[Your goal] The answer must be an exact copy of the records, with every picture removed.
• • •
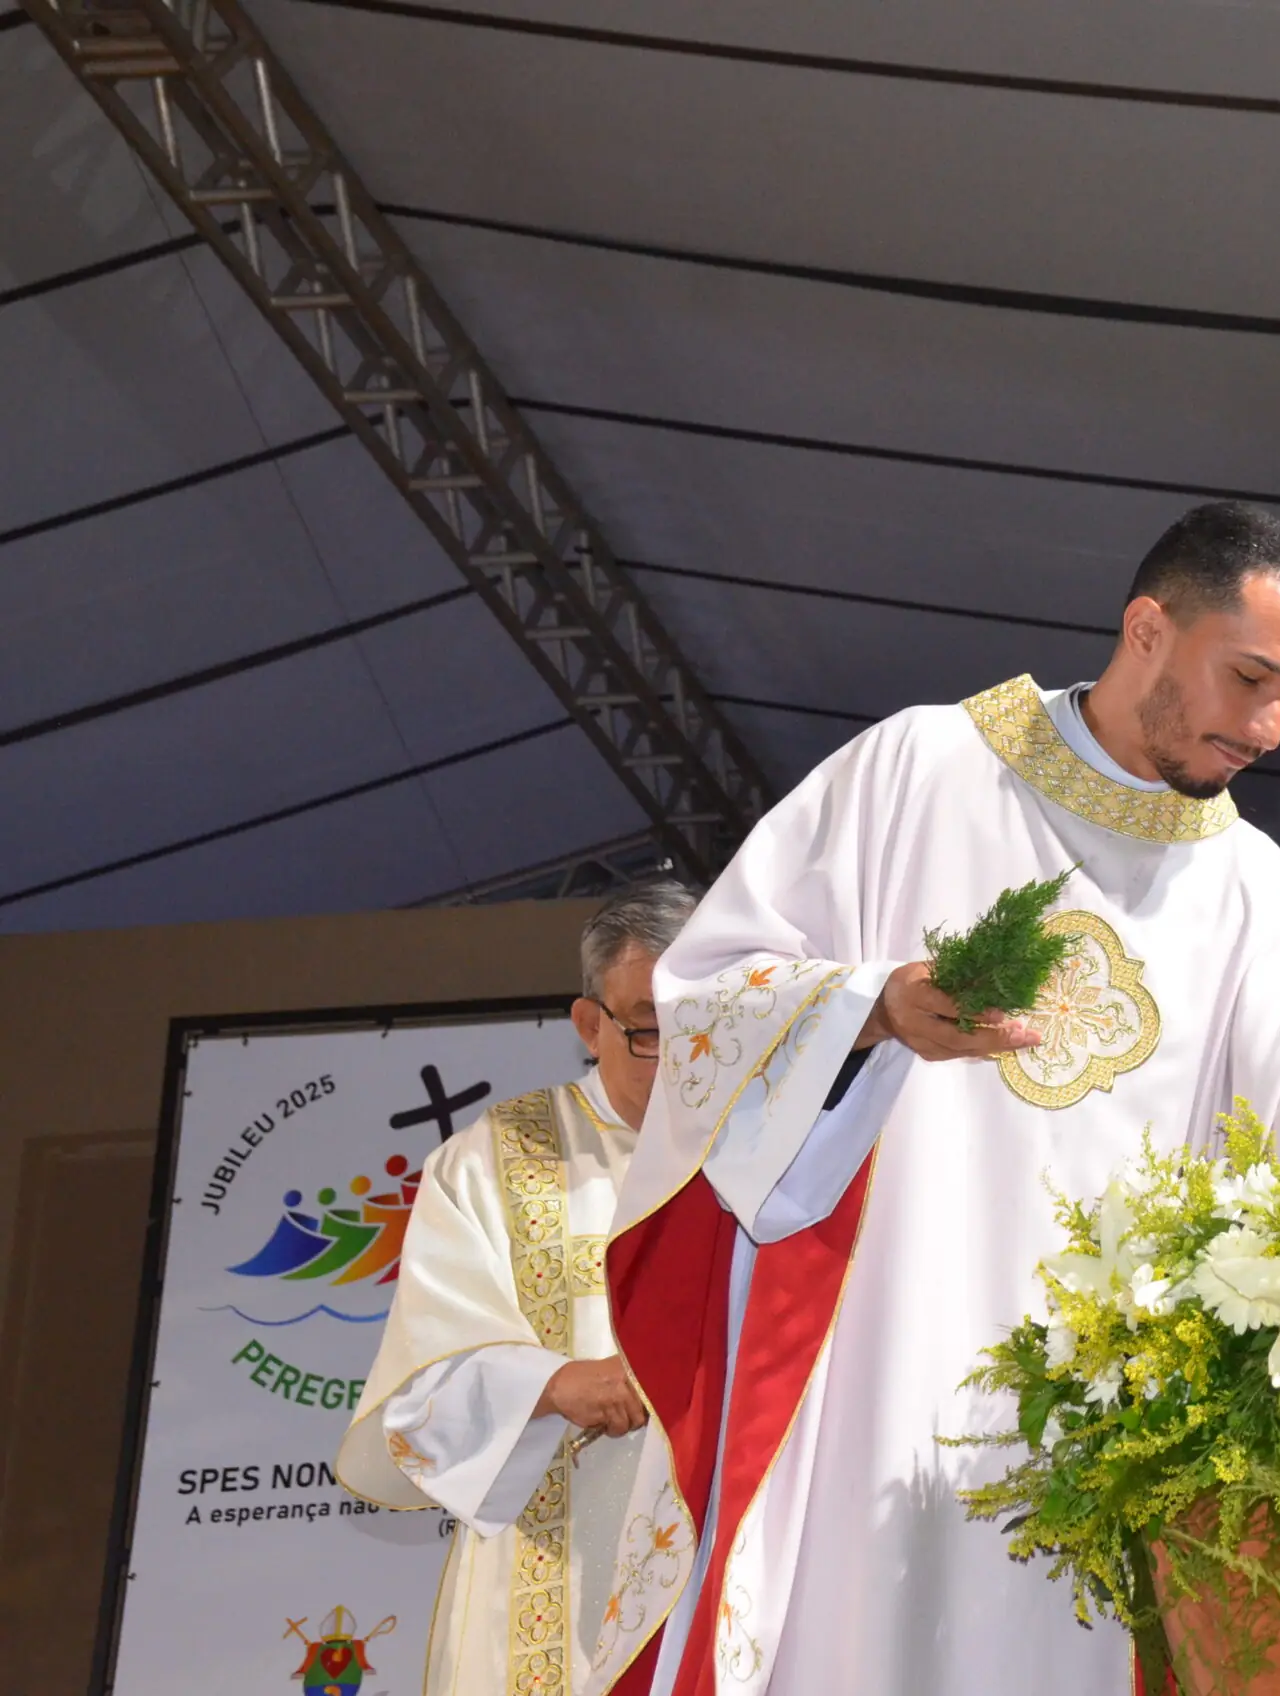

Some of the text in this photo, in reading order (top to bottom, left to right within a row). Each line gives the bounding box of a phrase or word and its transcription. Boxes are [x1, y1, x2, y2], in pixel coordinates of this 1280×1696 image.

[201, 1074, 336, 1216] JUBILEU 2025
[178, 1466, 260, 1494] SPES
[186, 1506, 201, 1525] A
[210, 1500, 330, 1527] esperança
• • •
[Exercise output]
Some of the text in this photo, in reading order (top to bottom, left to right within a row). Each line gives the bounding box of a phrase or word and its transcription. Boxes are [x1, y1, x2, y2], in pixel coordinates of this 1280×1696 image.

[201, 1074, 336, 1216] JUBILEU 2025
[178, 1466, 260, 1494] SPES
[186, 1506, 201, 1525] A
[210, 1500, 330, 1527] esperança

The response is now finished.